Although it may be comforting to think of terrorists as people unlike us, I will argue that this belief belies an uncomfortable reality: that the psychological processes that drive an individual to engage in terrorism are deeply human, common across cultures—and traits that likely reside in us all.
The definition of terrorism that I use here will include a two key elements. First, it involves a group ideology. Individuals may attack, threaten, terrorize or kill others, but if they are not part of a group and not motivated to do so by an ideology, then by this definition they are not terrorists. Even a violent group, such as a drug cartel that beheads civilians, would not be considered a terrorist organization, since its members are not ideologically motivated (note, however, that many of the processes that I describe below also apply to gangs). Second, terrorism is defined by the use of violence in the service of the group’s ideology, and particularly violence that indiscriminately targets members of a group (e.g., civilians, children). Many governments would challenge this point, as they have convicted non-violent Native and environmental activists who sabotage logging equipment under anti-terrorism laws. However, I do not consider these groups to be composed of ‘terrorists’ (but again, many of the processes described below still apply).

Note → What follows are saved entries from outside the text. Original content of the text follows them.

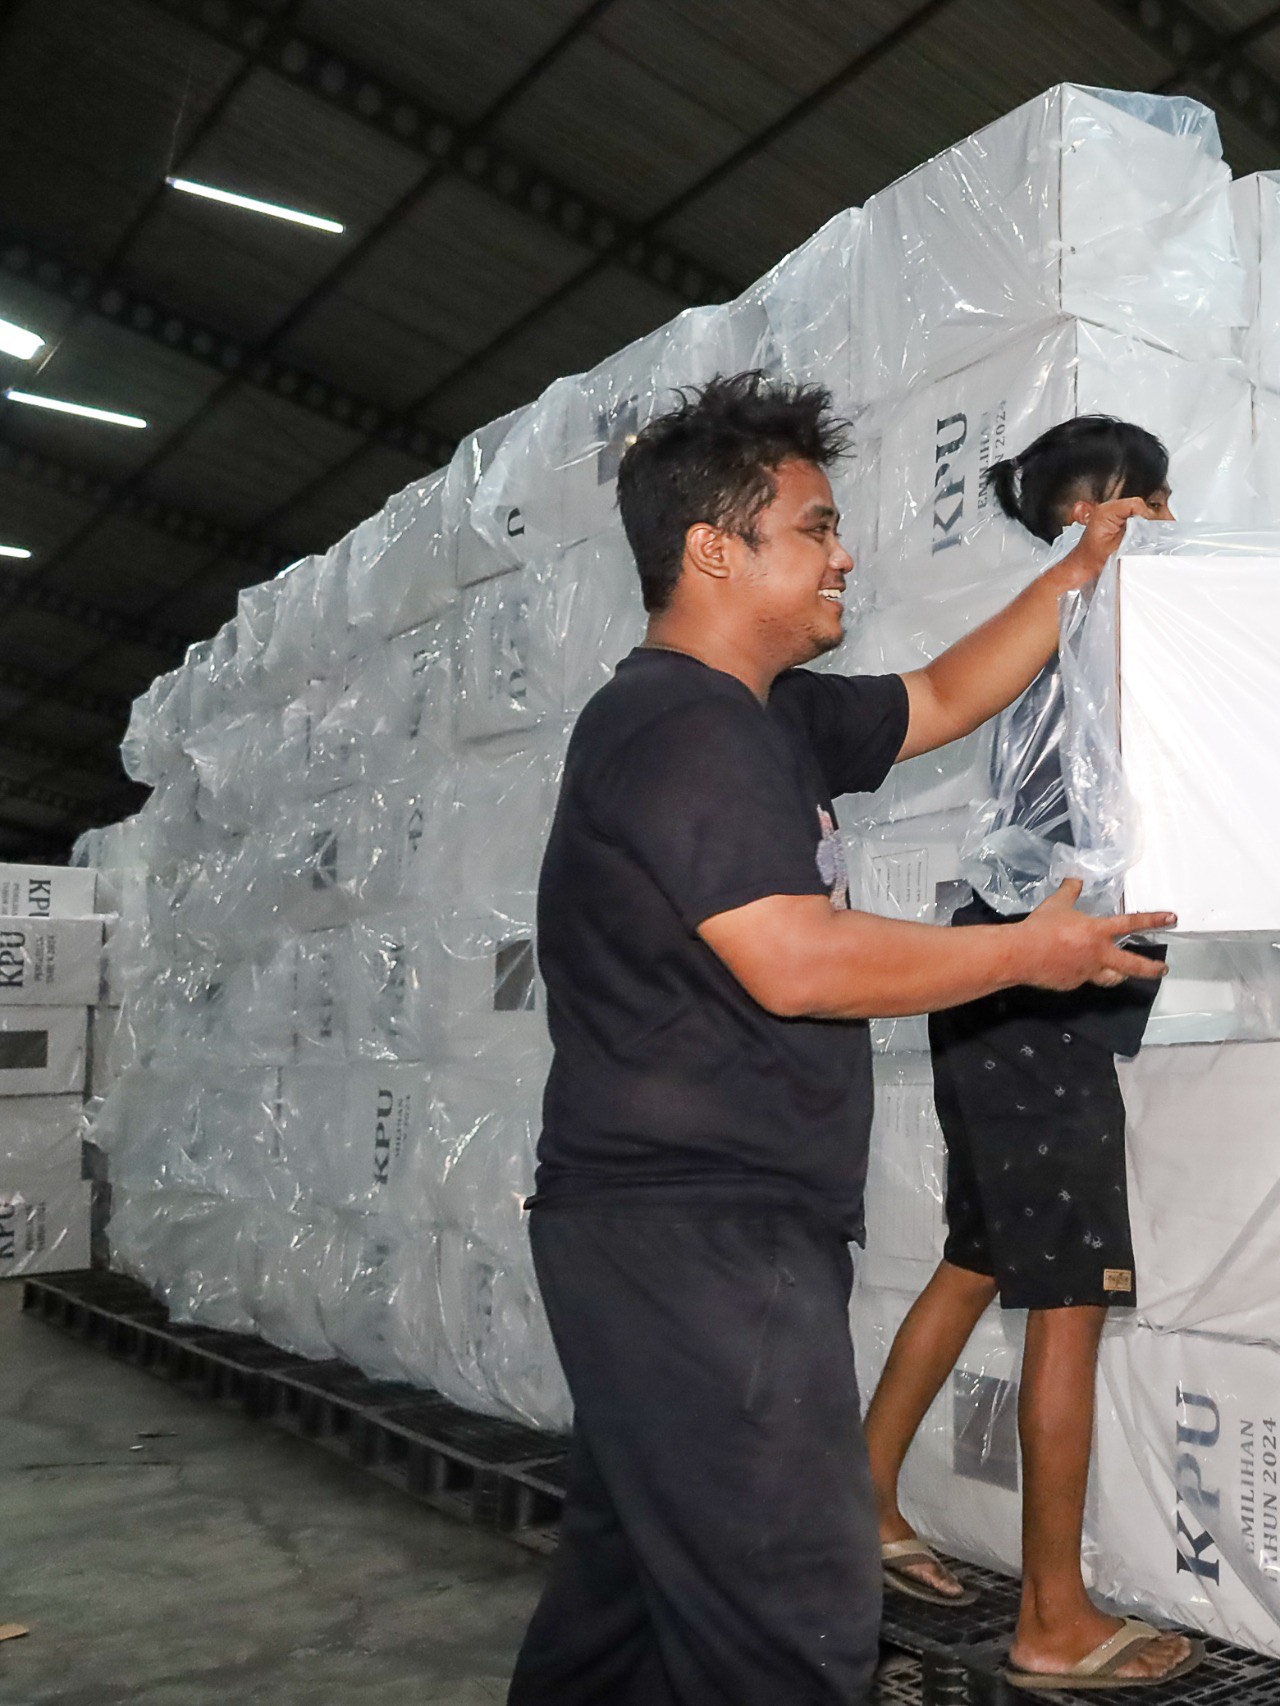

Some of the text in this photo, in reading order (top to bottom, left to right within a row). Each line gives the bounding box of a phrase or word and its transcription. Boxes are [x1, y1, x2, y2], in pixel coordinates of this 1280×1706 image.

[931, 412, 968, 557] KPU
[0, 931, 25, 987] KPU
[374, 1089, 393, 1185] KPU
[1176, 1386, 1221, 1587] KPU
[1240, 1419, 1255, 1555] EMILIHAN
[1262, 1417, 1278, 1485] 2024

In the context of this definition, I will try to offer some insight into the mind of a terrorist by looking at what lies in the human mind more generally. Specifically, I will seek to explain why and how individuals support or engage in ‘indiscriminate violence driven by group ideologies’ by looking at our understanding of three processes: (1) how our brains respond to groups, (2) how our brains are led to condone or initiate acts of indiscriminate violence, and (3) how our brains process ideological information.
Social Factors
For most of the millions of years that our species has been around, humans have eked out an existence only through the coordinated effort of small, cohesive coalitions. Evolution has therefore shaped within us a deep desire to belong to groups. In modern times, social belonging remains a major psychological need, which we fill by connecting with others through a variety of ‘social identities’–Californian, professor, rugby player, progressive, vegetarian, for example. We each contain multitudes. The tendency to connect through one of these multitudes can be reflexive (“Oh wow, you’re from California, too?”).

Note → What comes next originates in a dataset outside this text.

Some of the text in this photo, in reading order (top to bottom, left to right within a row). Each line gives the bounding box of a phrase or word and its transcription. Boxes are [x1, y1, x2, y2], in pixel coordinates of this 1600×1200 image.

From this perspective, the appeal of ‘terrorist groups’ is completely unremarkable. Just as a fraternity, team, club, military unit, or gang can provide a deep social connection with others, so too can ISIS, Al-Qaeda, or white, nationalist groups. Many think that people join groups for what they do (terrorists join terror groups because they are violent people; men join fraternities because they drink and party), but the deep, fundamental motivation to join any group is the need to socially connect. From this view, individuals most at risk for joining a terrorist group are not those who are poor or violent, but those who are alienated and thus drawn to an arrangement that can offer the camaraderie, brotherhood, and purpose that they are missing. This may help explain why very different demographics—the young man at a refugee camp who is deprived of regional, professional, and academic identities, and the middle-class child of immigrants in a Western country who feels alienated from his or her host country—are common recruits for ISIS. And perhaps other groups. It may also explain why regular attendance at a mosque—which provides a strong social identity—is inversely correlated with ISIS enrollment.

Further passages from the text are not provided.